My name is Jacqueline Wilson. I'm a lawyer with the Canadian Environmental Law Association. We are an Ontario legal aid clinic specializing in environmental law and policy, and we have a long history of analysis of the environmental implications of trade agreements.
I'm going to focus my presentation today on two issues to do with the environment chapter of the TPP. The first issue is the weak and unenforceable language throughout the chapter, and the second issue is the dispute mechanisms, both the state-to-state dispute mechanisms and the citizen dispute provisions.
I go into more detail about these two issues and other issues, including the limited coverage of the chapter, in a paper called, “Bait-and-Switch: The Trans-Pacific Partnership’s Promised Environmental Protections Do Not Deliver”, which is available on the Canadian Environmental Law Association's website and the Canadian Centre for Policy Alternatives' website.
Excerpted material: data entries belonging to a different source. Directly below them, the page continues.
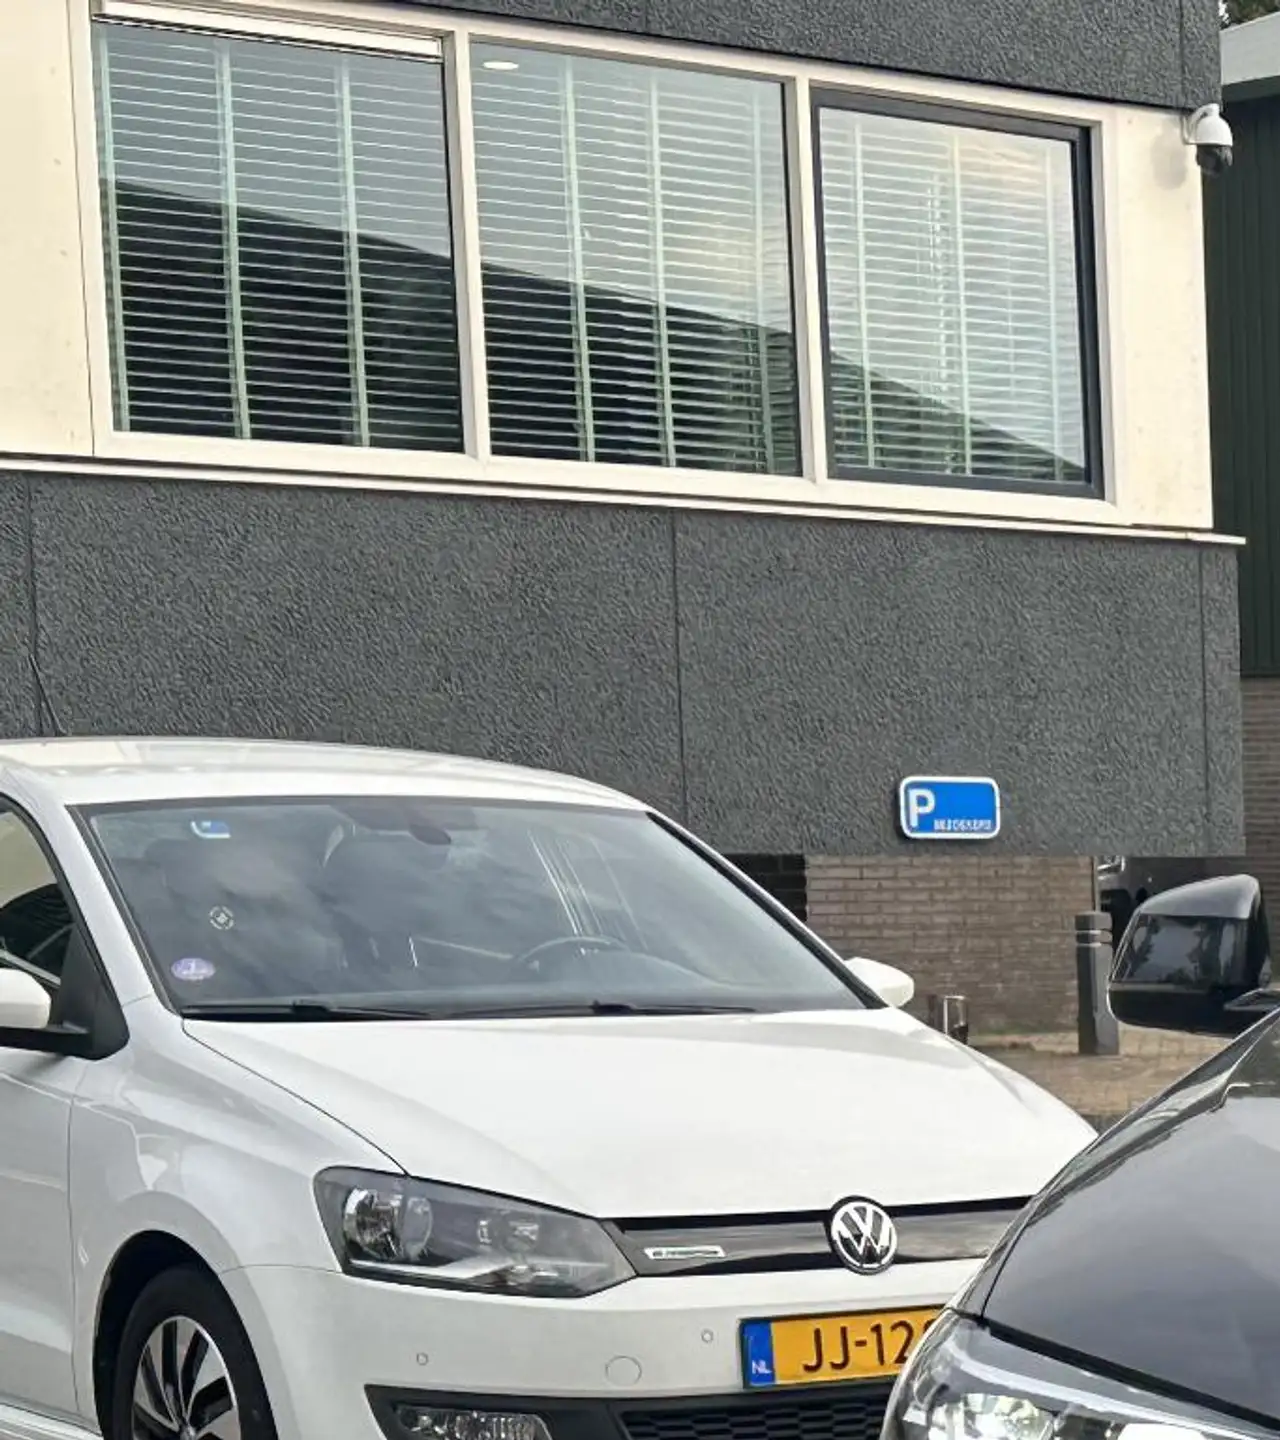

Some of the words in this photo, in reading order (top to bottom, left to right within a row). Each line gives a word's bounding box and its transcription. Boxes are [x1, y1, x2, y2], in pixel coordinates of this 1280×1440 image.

[908, 788, 935, 828] P
[802, 1318, 937, 1373] JJ-12
[751, 1359, 773, 1375] NL
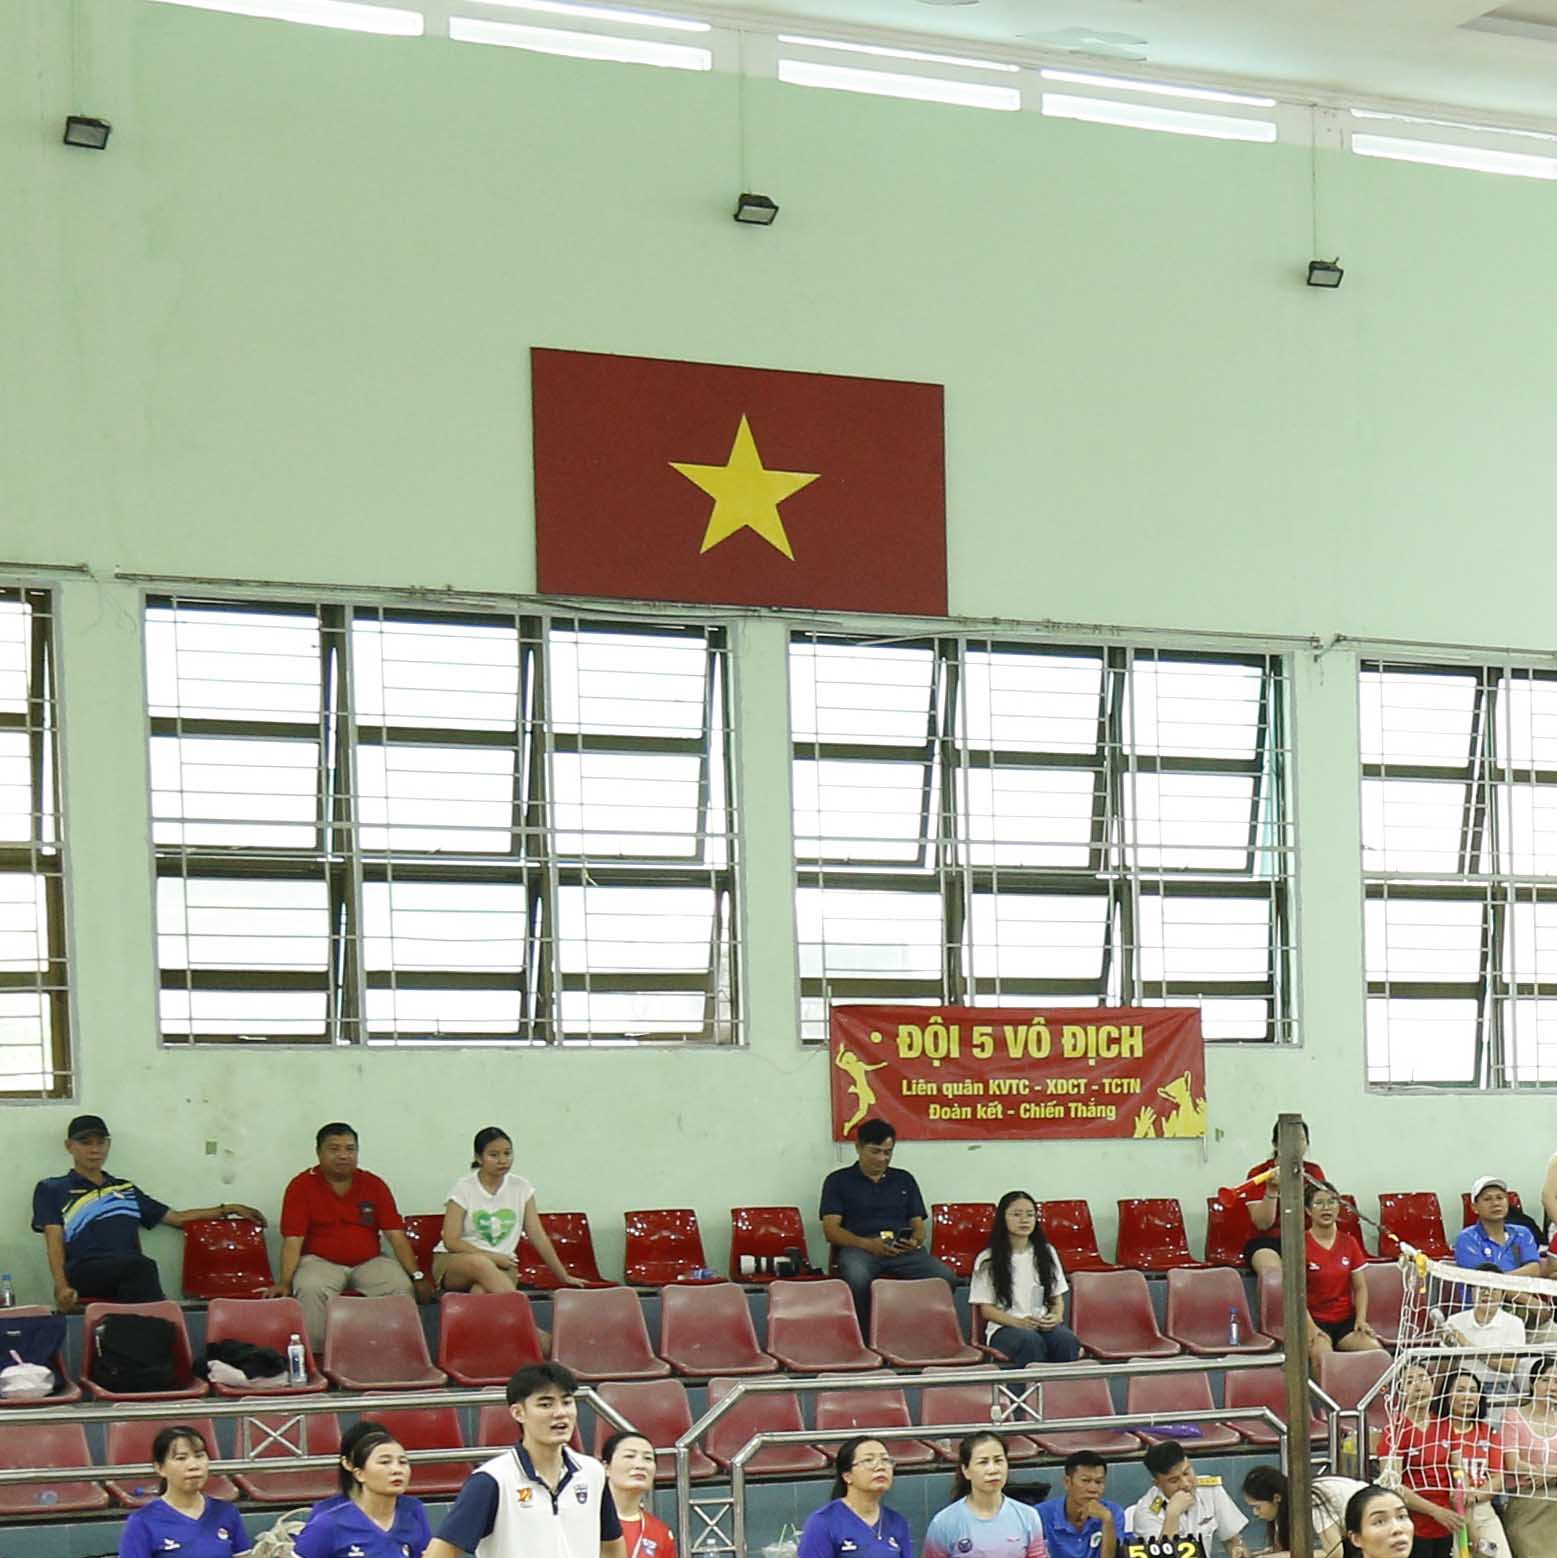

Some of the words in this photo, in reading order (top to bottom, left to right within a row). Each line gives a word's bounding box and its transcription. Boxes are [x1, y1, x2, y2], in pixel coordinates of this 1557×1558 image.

[896, 1016, 960, 1067] ĐỘI
[972, 1026, 994, 1059] 5
[1003, 1016, 1051, 1059] VÔ
[1061, 1025, 1144, 1066] ĐỊCH
[902, 1079, 937, 1096] Liên
[942, 1080, 984, 1098] quân
[988, 1079, 1030, 1095] KVTC
[1102, 1078, 1141, 1094] TCTN
[928, 1103, 971, 1120] Đoàn
[976, 1101, 1003, 1119] kết
[1019, 1100, 1064, 1119] Chiến
[1068, 1097, 1117, 1120] Thắng
Our conclusion after analyzing the environment chapter is that it does not safeguard the environment or promote effective environmental protections. It's not going to counteract the negative environmental implications of other provisions of the TPP, including the investor-state dispute settlement provisions. The vague and discretionary language in the environment chapter is exemplified by the general commitments section, which allows each party to determine its own levels of domestic environmental protection and its own environmental priorities. The overall principle reflected throughout the chapter is that state sovereignty is unviable if you're talking about setting levels of environmental protection.
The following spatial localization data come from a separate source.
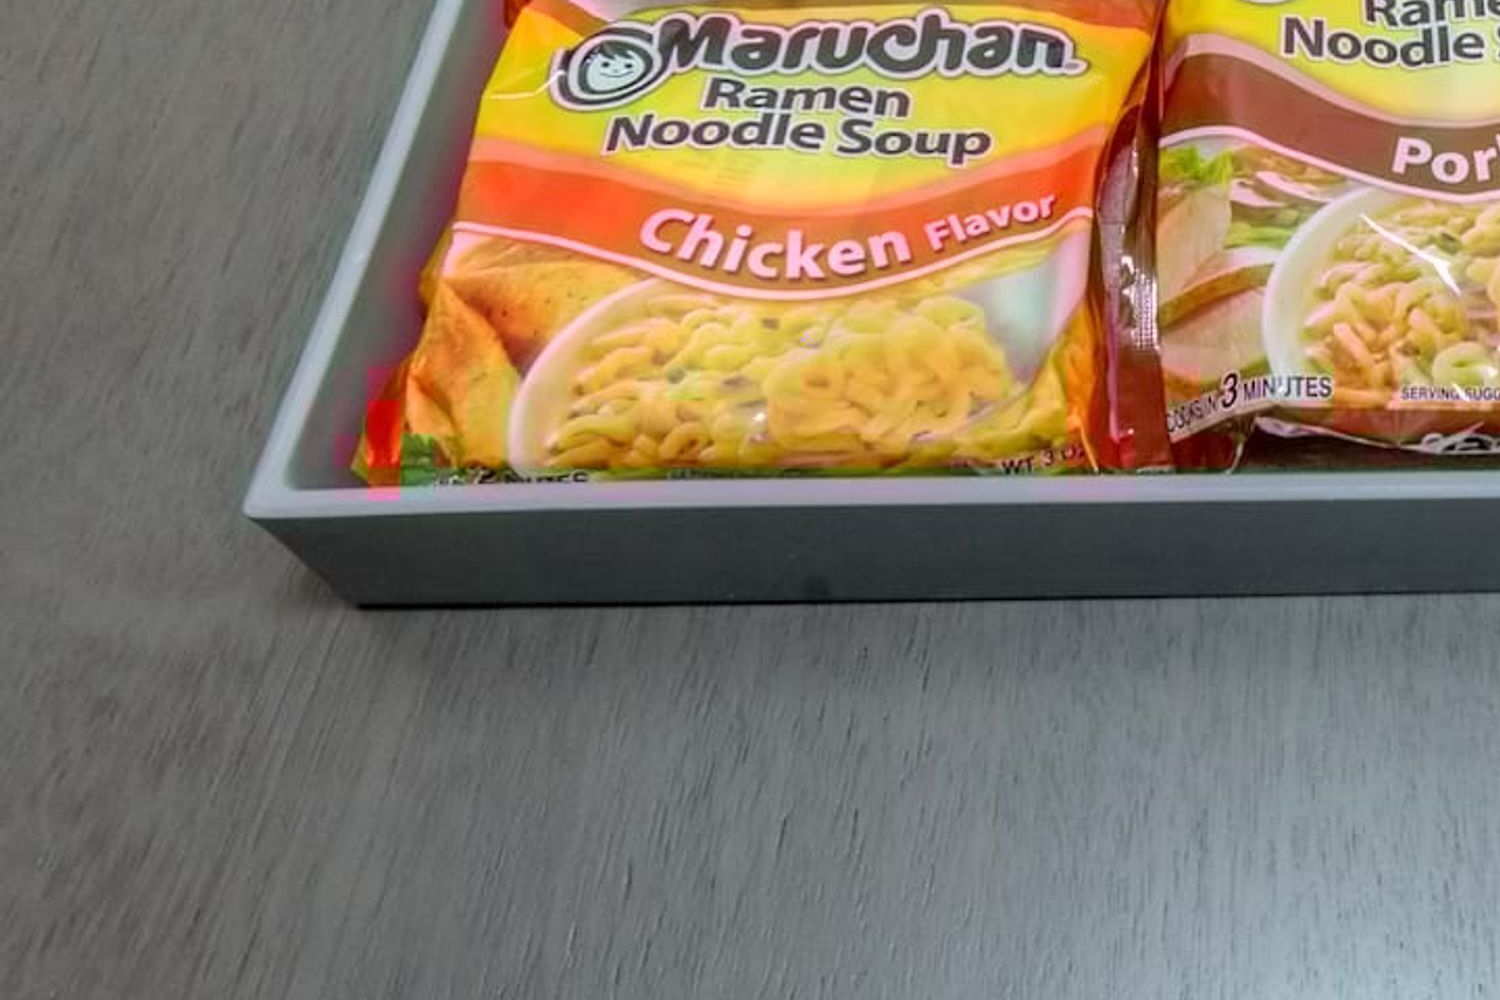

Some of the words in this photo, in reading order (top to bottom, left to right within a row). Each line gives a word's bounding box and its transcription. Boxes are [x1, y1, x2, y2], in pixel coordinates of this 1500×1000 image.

[659, 12, 1067, 74] Maruchan
[1283, 16, 1487, 68] Noodle
[702, 77, 911, 117] Ramen
[605, 113, 826, 153] Noodle
[836, 120, 991, 164] Soup
[640, 208, 912, 280] Chicken
[924, 194, 1058, 251] Flavor
[1221, 372, 1240, 408] 3
That approach is to be compared with the fact that strong environmental measures taken by a TPP party, which might interfere with trade or investment, are exposed to challenge under the investment chapter.
Article 20.15 of the environment chapter is also of particular concern. It deals with the transition to a low emissions and resilient economy. In a fairly shocking act of climate change denial, the words “climate change” aren't used in this section, or at all in the TPP. Instead the TPP recognizes that each party's actions to transition to a low emissions economy should reflect domestic circumstances and capabilities. That's at odds with the government's commitment to take climate change action seriously, and its commitments in Paris.
The other specific article I want to bring to your attention in the environment chapter is article 20.10, which deals with corporate social responsibility. It raises significant equity issues because of the radical difference between the strong, enforceable rights for investors in the ISDS scheme, and the essentially meaningless requirements of this section, which asks each TPP party to encourage enterprises to voluntarily adopt principles of corporate social responsibility, and that's it.
In terms of the dispute resolution mechanisms, the primary weakness of the state-to-state dispute mechanism is that it depends on the political will of the parties to enforce the chapter. That's an approach we've seen before in trade agreements, and it hasn't worked.
The system includes three levels of confidential consultations, so the public won't know that those consultations are taking place. If the dispute settlement provisions are used—which hasn't been the case in the past, and there is no real reason to think things will change with this agreement—then public participation is not assured. The arbitration panel must consider requests to participate only for non-governmental entities or persons in one of the disputing parties, and it's only written submissions. The documentary disclosure provisions are quite limited, so the TPP parties are asked to make best efforts to release written submissions and oral submissions as soon as possible. There is no specific timeline.
Article 28.13(d)(ii) contemplates that some documents won't be released until right before the final report is issued.